Although eLearning gamification projects can differ in terms of feature sets and technologies used, they will inevitably be based on the same general principles and techniques.
Ready Student One: The Value of Gamification in Education

Engagement and motivation

Give your students a sense of belonging. Turn your learning course into a journey that they need to complete to become a new version of themselves.

Competition

There is no joy and no glory in being the winner in a one-person competition. Make sure each student is driven by a desire to claim the top prize.

Good story

Don’t give your students tests, make them quests. If an otherwise dull course is presented as a series of challenges wrapped into a compelling story, it will be a game changer.

Progress tracking

Your students deserve to know how they are doing. However, try reversing the scale and instead of using your regular score range, let them collect badges or points.

Action-based content unlocking

In games, it’s always super-exciting to see what’s behind that hill or massive wooden gate. Keep your students on the edge of their seat by allowing them to unlock new materials only after they’ve deserved it.

Sense of accomplishment

Knowing that you did a good job on a test is one thing, but seeing fireworks light up the sky on that occasion is a whole different story.
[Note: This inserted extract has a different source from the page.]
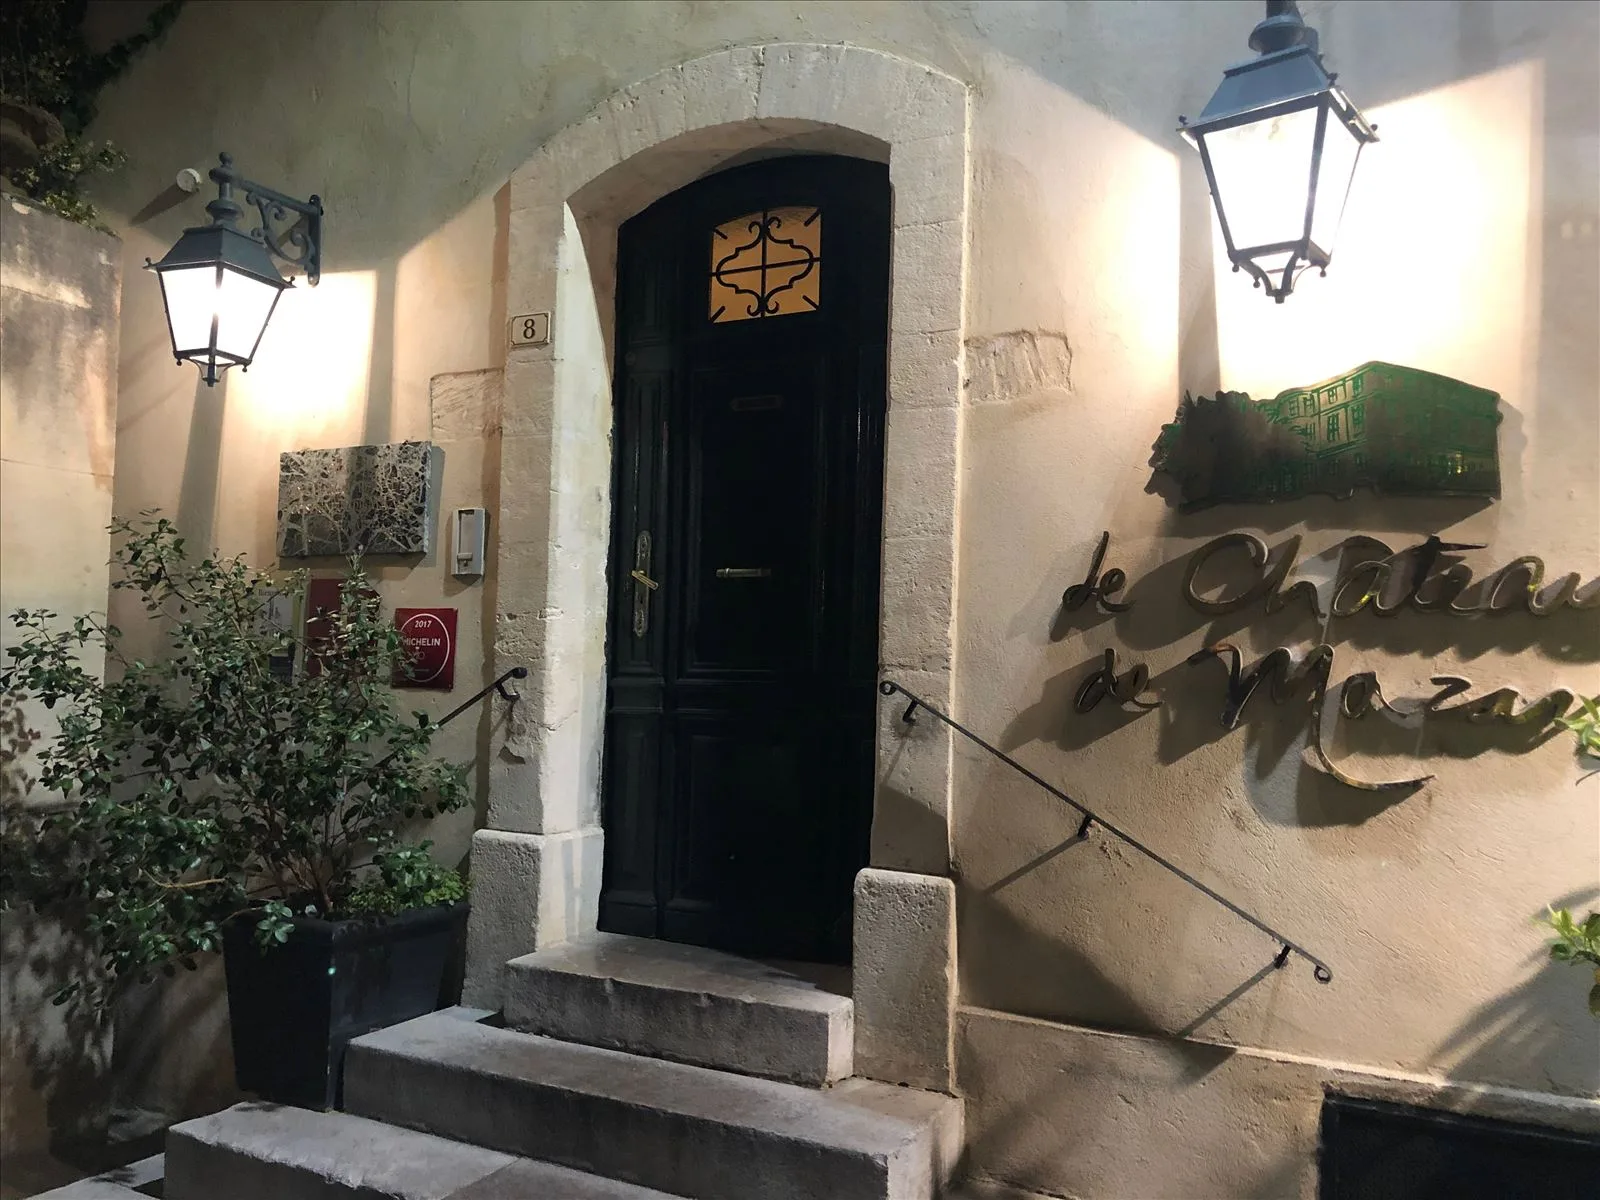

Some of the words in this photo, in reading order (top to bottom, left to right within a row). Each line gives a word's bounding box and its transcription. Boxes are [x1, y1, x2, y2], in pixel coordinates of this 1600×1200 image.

[522, 318, 536, 340] 8
[414, 619, 433, 628] 2017
[1073, 647, 1164, 715] de
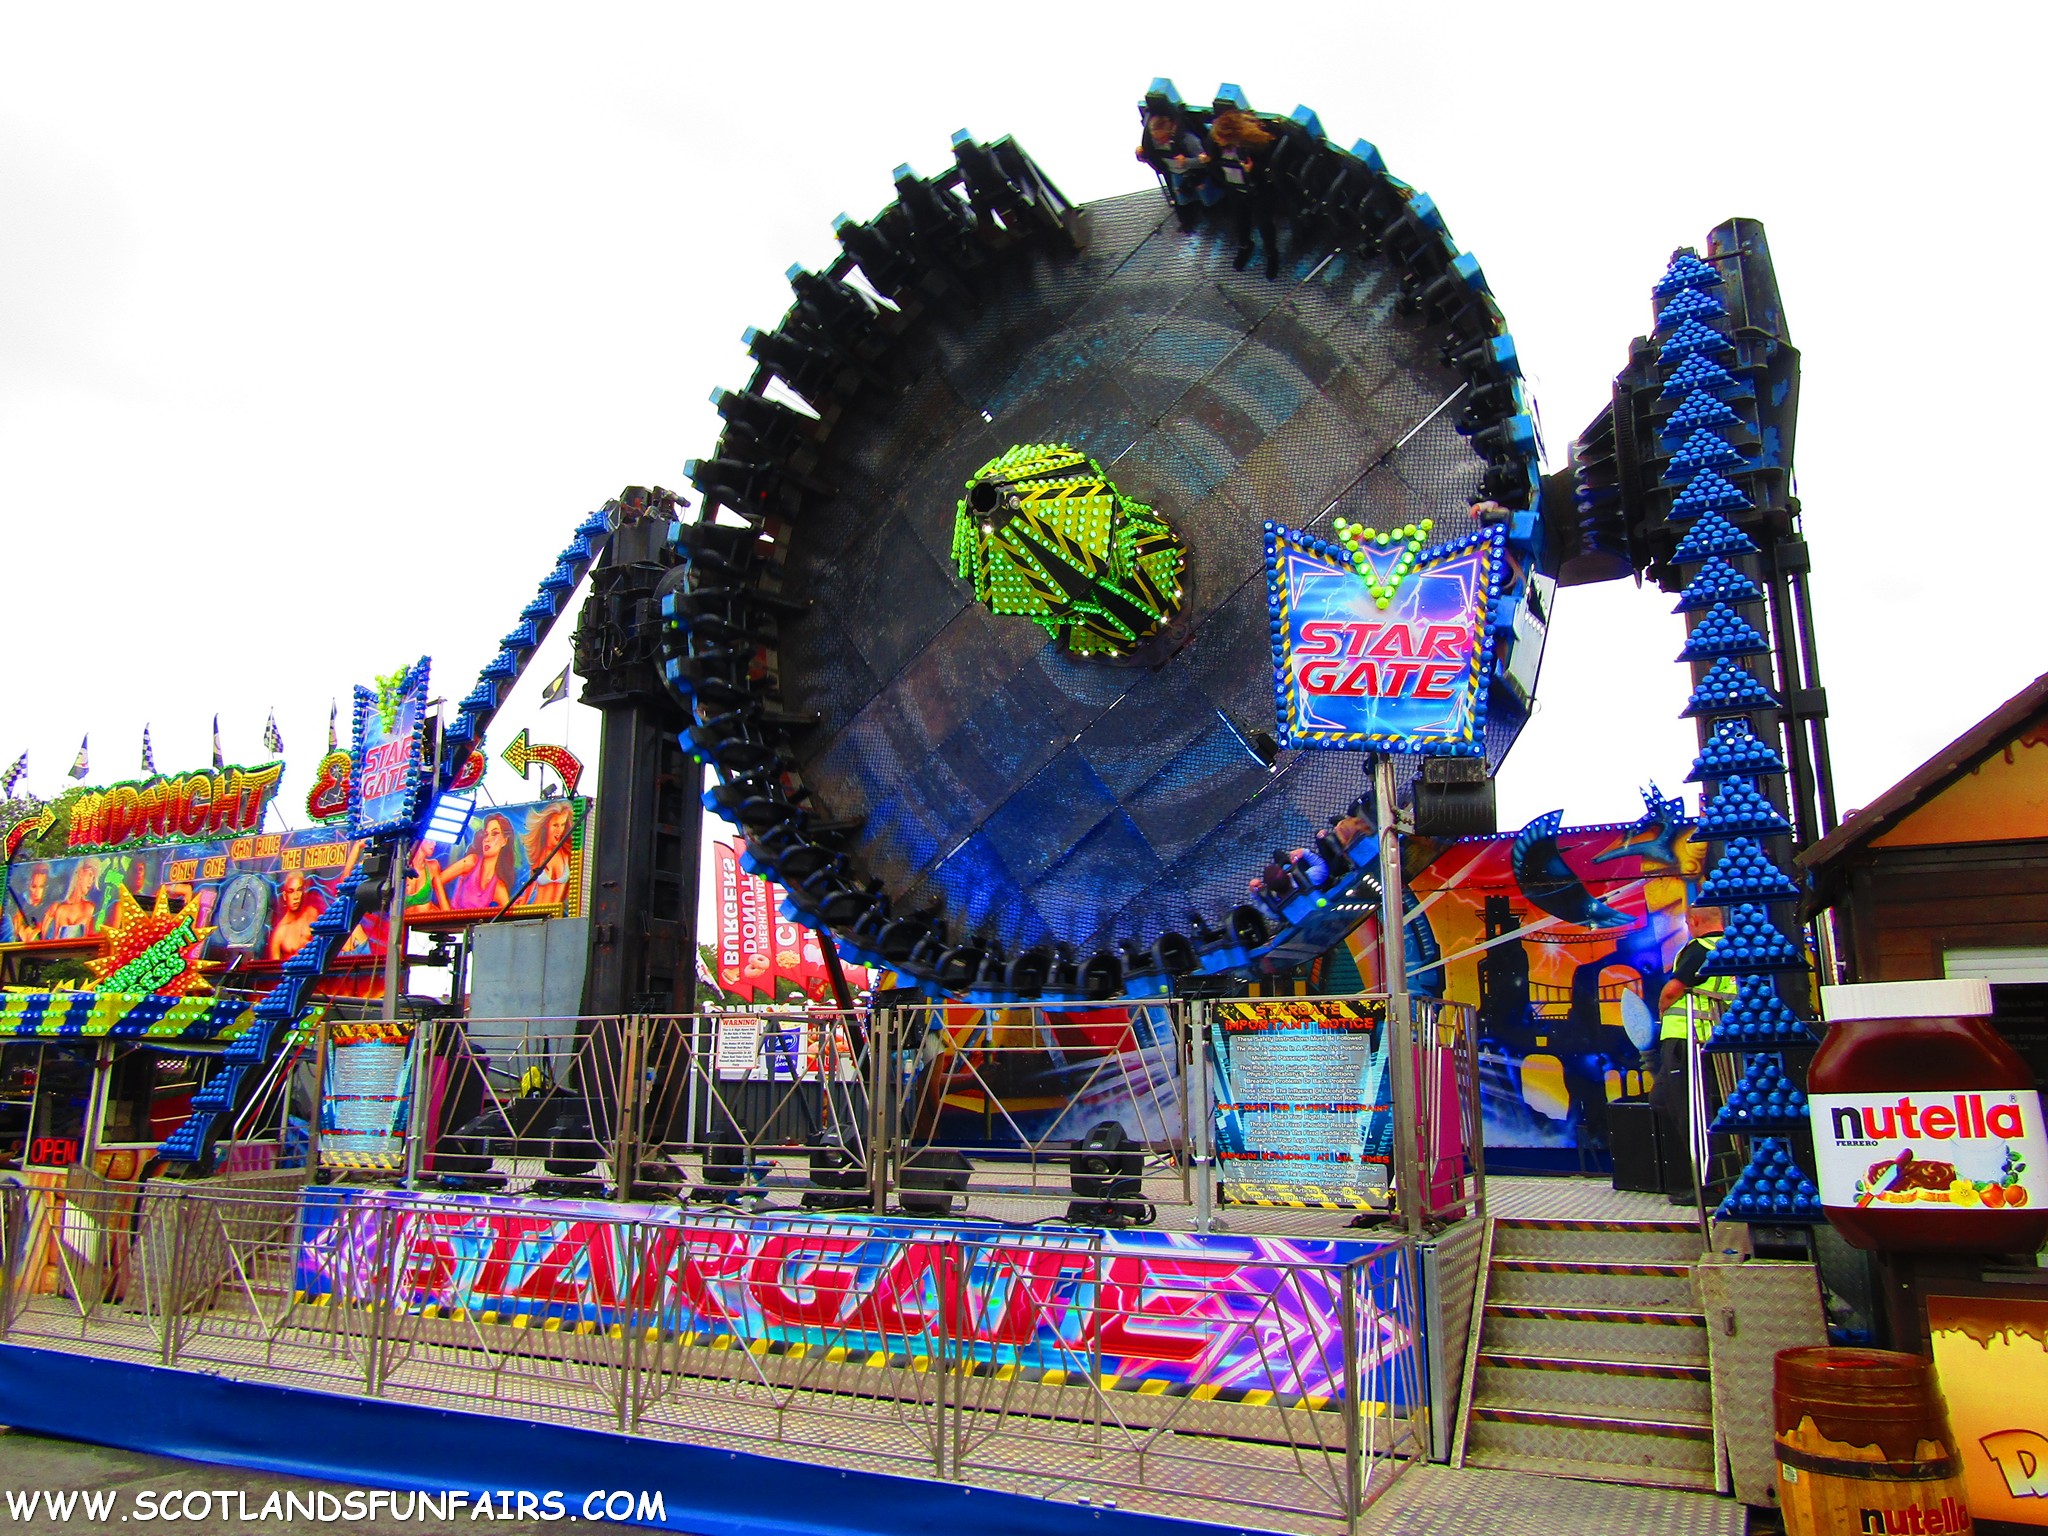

Make sure your students know how proud you are of their success.

Social media sharing

Nobody likes celebrating alone; we all seek public recognition when we have great news to share. Enable your students to spread the word about the progress they’ve made in their studies for even more motivation.

Bottom line

The gamification of education may be a relatively recent fashion, but it’s here to stay. The students of today are tech-savvy, curious, and want to see innovation everywhere, including in their classes. As an independent educational institution or a company developing or integrating EdTech solutions, you are a conduit for progress. Start weaving gamification elements into your curriculum right now to gain the competitive edge.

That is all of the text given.